Endpoint Protection

 View Only
  • 1.  Block all *.scr from running besides our company screen saver

    Posted Dec 17, 2015 10:39 AM

    Hi

     

    Is it possible to Block all *.scr from running on all machines in domain besides our company screen saver ? (With SEPM).

    SCR we are using is deployed using SCCM.

    GPO then assigns the SCR file to current screen saver.

    Thanks in adavnce.

     



  • 2.  RE: Block all *.scr from running besides our company screen saver

    Posted Dec 17, 2015 10:50 AM

    can i maybe block all *.scr from executing and add our specific one form running ?

     

    Thanks



  • 3.  RE: Block all *.scr from running besides our company screen saver

    Posted Dec 17, 2015 10:56 AM

    You can use the application and device control policy to block it but allow certain ones if needed. You can go thru this article:

    Blocking files using Application Device Control within the SEPM



  • 4.  RE: Block all *.scr from running besides our company screen saver

    Posted Dec 17, 2015 11:14 AM

    Here are the steps took it from Symantec security article

    https://www-secure.symantec.com/connect/blogs/support-perspective-ctb-locker-and-other-forms-crypto-malware

    1. Log in to the Symantec Endpoint Protection Manager (SEPM).

    2. Click on Policies.

    3. Click on Application and Device Control.

    4. Under Tasks, click on Add an Application and Device Control Policy.

    5. On the top left click on Application Control.

    6. Click on the Add... button.

    7. Type a name for the Rule

    8. Click on the Add... button on the bottom right "Apply this rule to the Following processes".

    9. Make a seperate entry for each browsers process that you want to disallow the download the file.
    Example: iexplore.exe or outlook.exe or chrome.exe

    10. Click Ok.

    11. Click on the Add... button on the bottom left under Rules.

    12. Select Add Condition.

    13. Select File and Folder Access Attempts.

    14. Click on the Add... button on the right next to "Apply this rule to the Following files and folders".

    15. On File or Folder Name to Match, type "*.extension". Example: " *.exe, *.scr "  (without quotes) 

    16. Click Ok.

    17 . On Actions Tab in Read Attempt and Create, Delete, or Write Attempt select "Block Access"
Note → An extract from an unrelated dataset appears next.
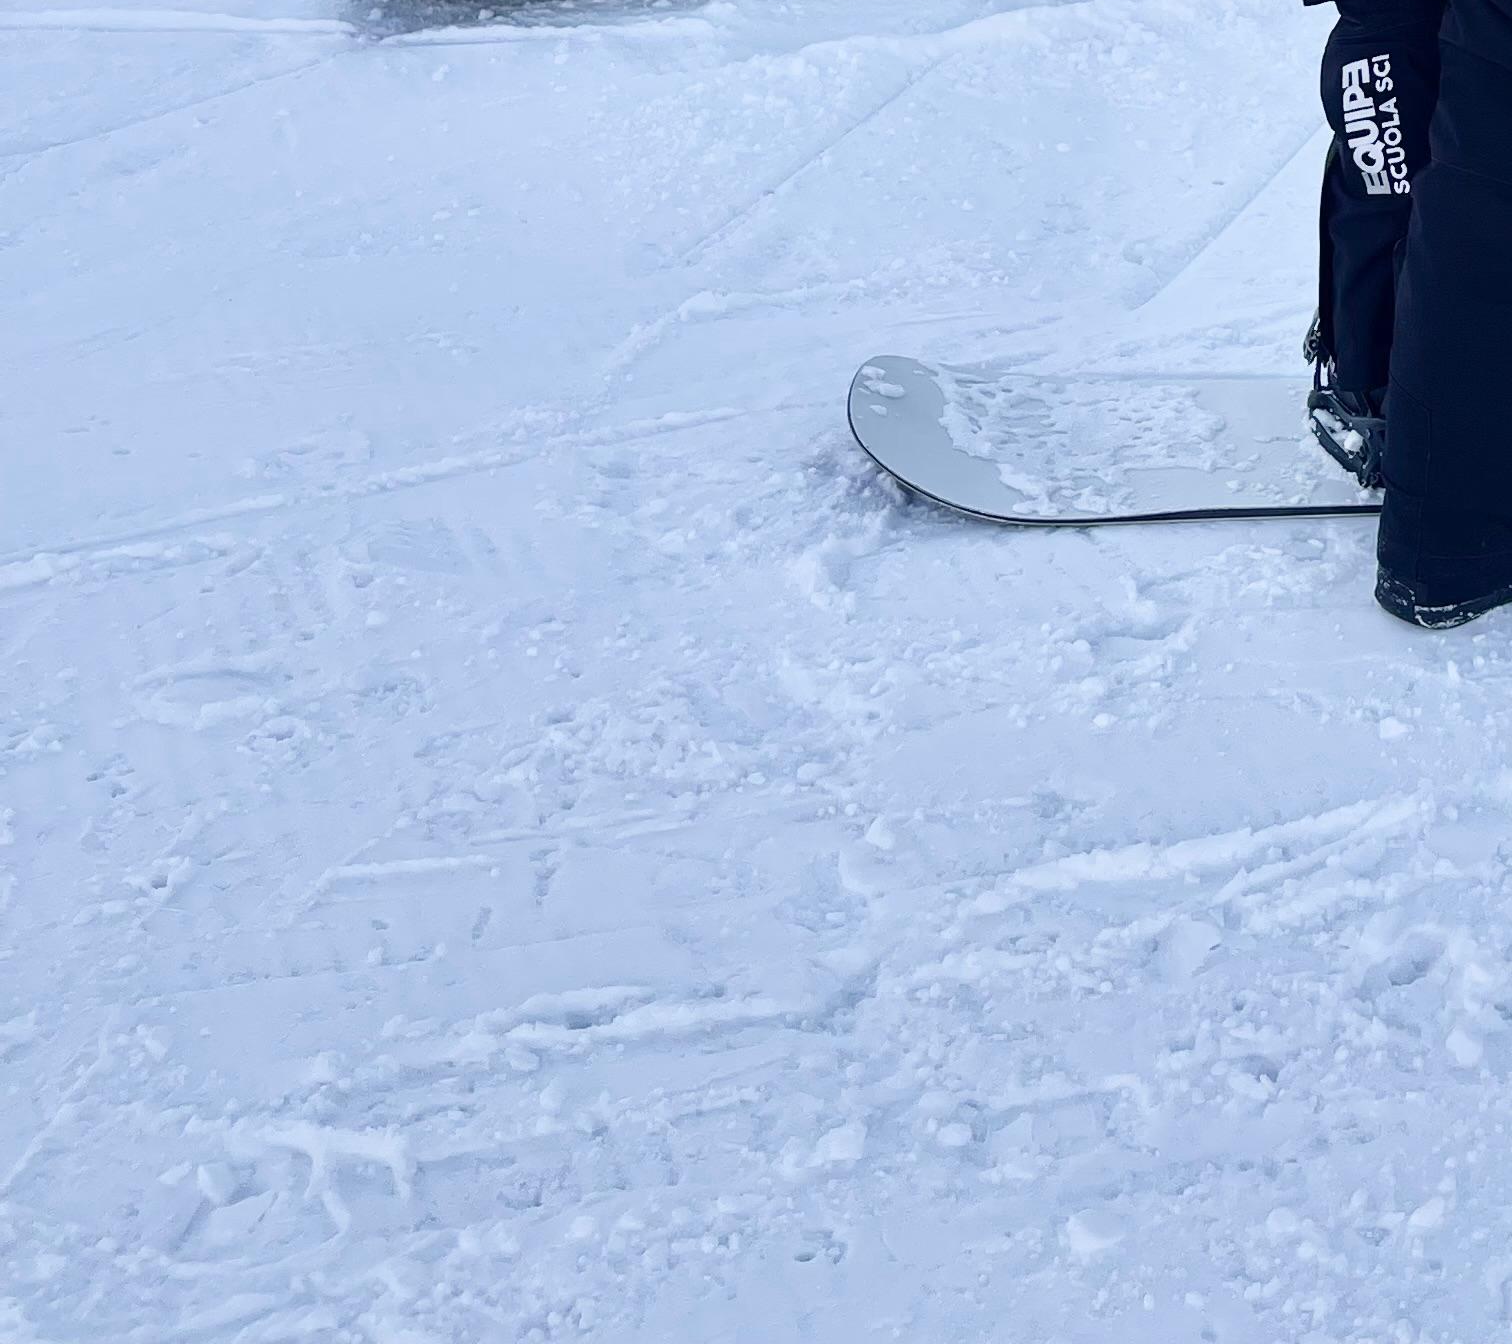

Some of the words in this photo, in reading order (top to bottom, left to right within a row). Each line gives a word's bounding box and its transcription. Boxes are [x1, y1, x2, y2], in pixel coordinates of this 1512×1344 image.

[1371, 54, 1394, 93] SCI
[1342, 58, 1392, 195] EQUIPE
[1378, 97, 1411, 195] SCUOLA
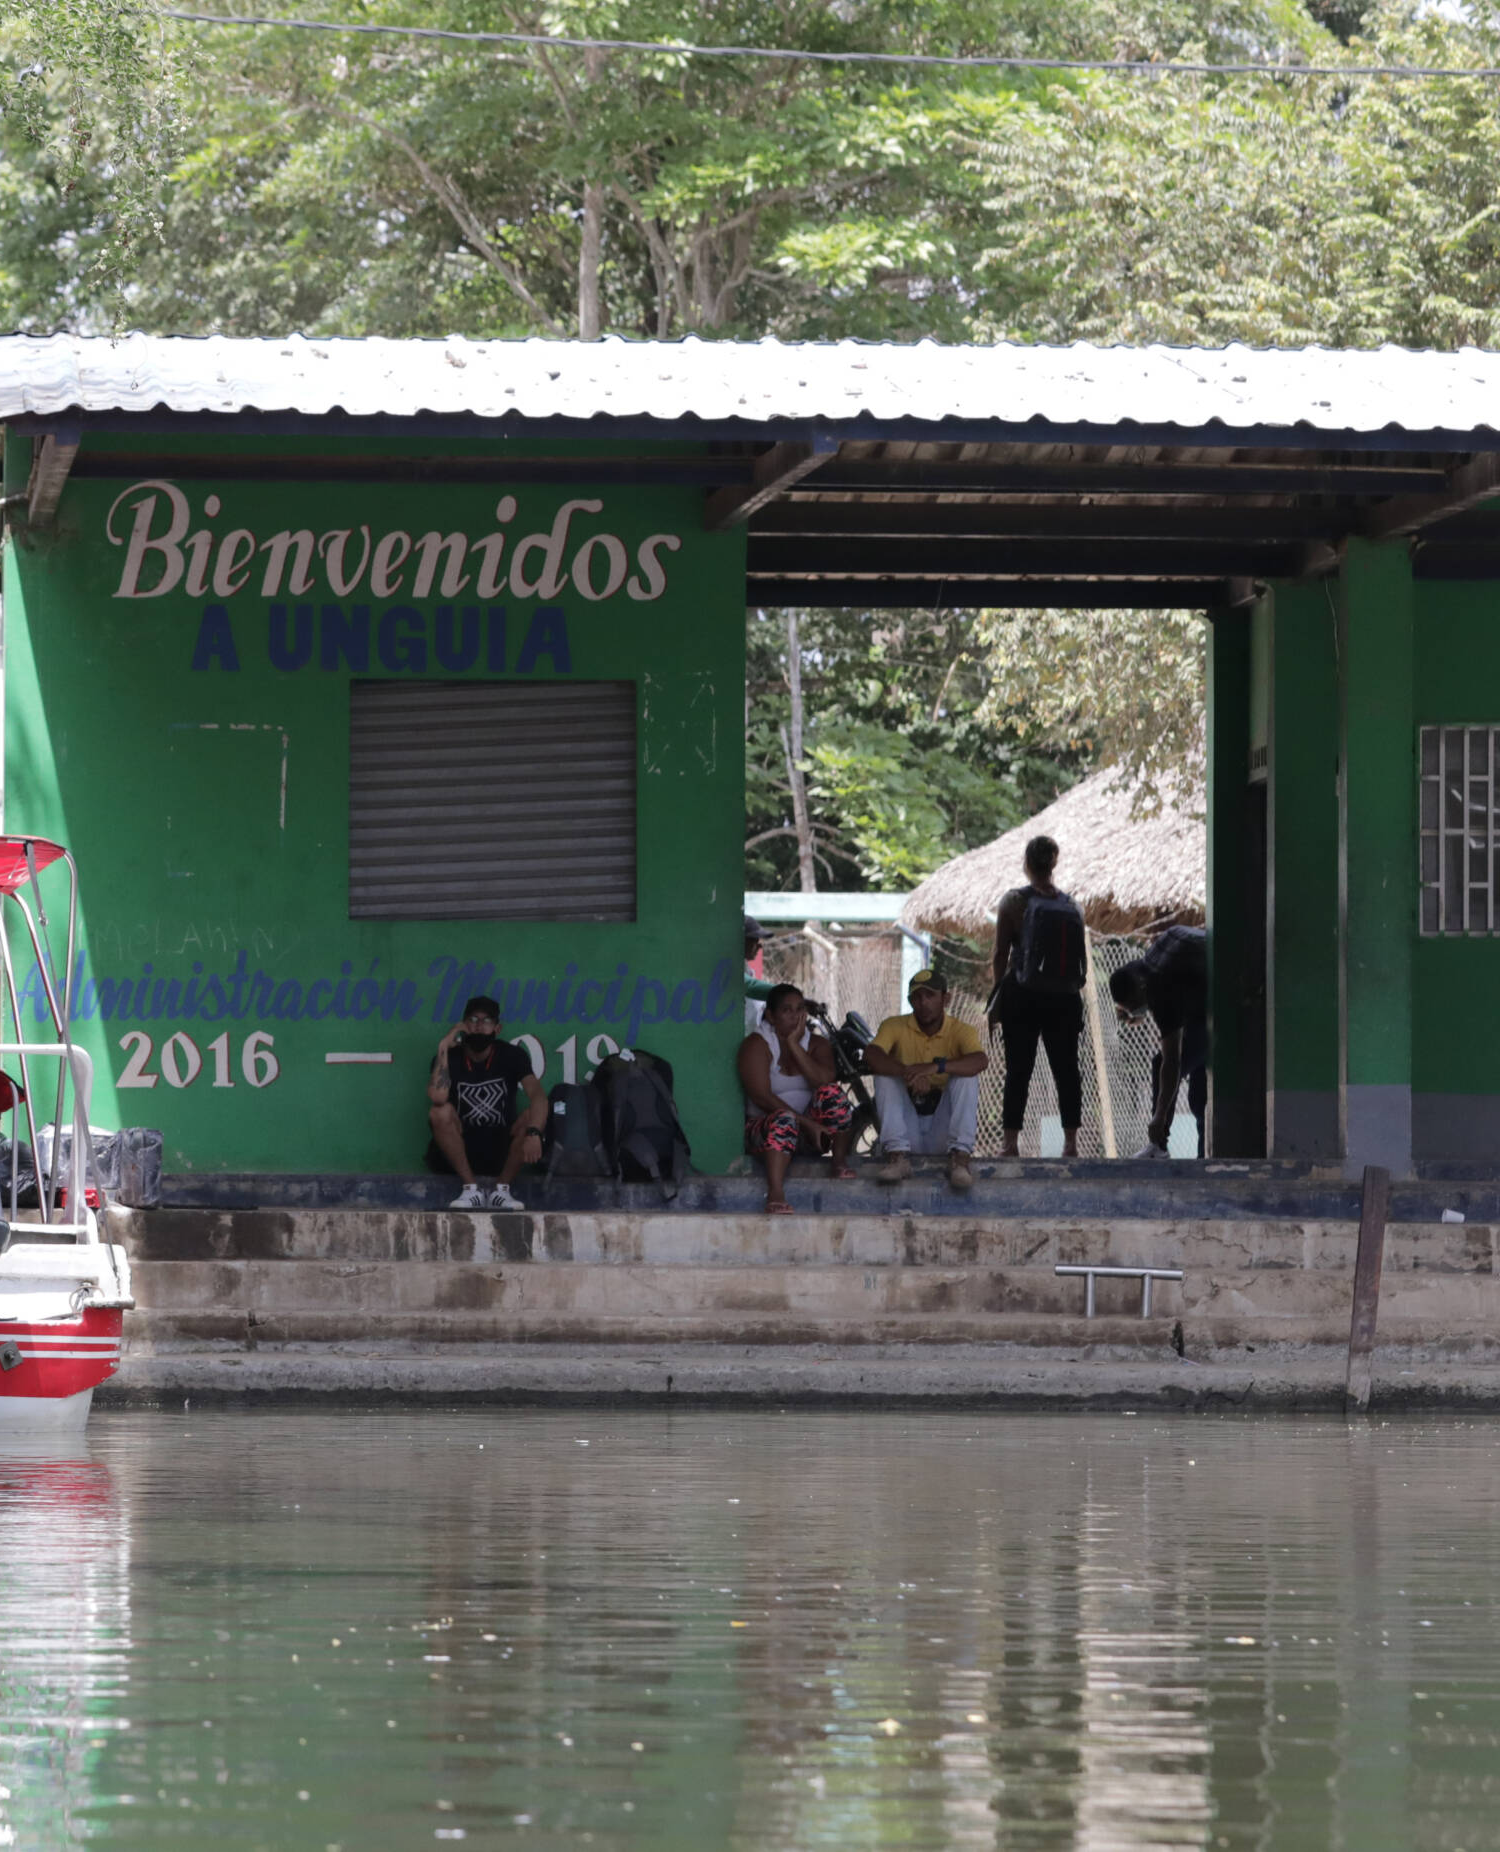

    Optional: Can you Check Notify User for example "Is not permitted download executable files, contact the administrator"

    16. Click Ok.

    17 . Set to Production

    18. Click Ok.

    18. Click Yes to assign the policy.

    19. Check the boxes for any group that the policy should be applied to.

    20. Click OK



  • 5.  RE: Block all *.scr from running besides our company screen saver

    Trusted Advisor
    Posted Dec 17, 2015 01:13 PM

    Hello,

    Please follow the steps - 

    To Block Access of Extension

    1. Login into the SEPM console.
    2. Click Policies, and then click Application and Device Control under View Policies.
    3. Select the Application and Device Control policy which needs to be modified on the right-hand side.
    4. Click Edit the Policy under Tasks.
    5. In the pop-up window, click Application Control.
    6. Click the Add button.
    7. In section of “Apply this rule in the following process” click on ADD and enter the Asterisk (*) Sign. Then Select Ok.
    8. Now Click on Add from Bottom
    9. Click on Add Condition and select the file and folder Access attempts.
    10. Under the File and Folder Access Attempts box click on ADD in the section of “Apply this rule in the following process”
    11. Enter the Extension with Asterisk Sign (eg- *.mp3, *.scr)
    12. Then press ok
    13. Go to the Action Tab in “File and Folder Access Attempts”.
    14. Select the Block Access in the “Read Attempt” and “Create, Delete or Write Attempt”.
    15. Select Ok.
    16. Assign the policy to the required Groups.

    Regards,

     



  • 6.  RE: Block all *.scr from running besides our company screen saver

    Posted Nov 16, 2023 08:11 AM

    Hi, did you manage to block .scr file extension?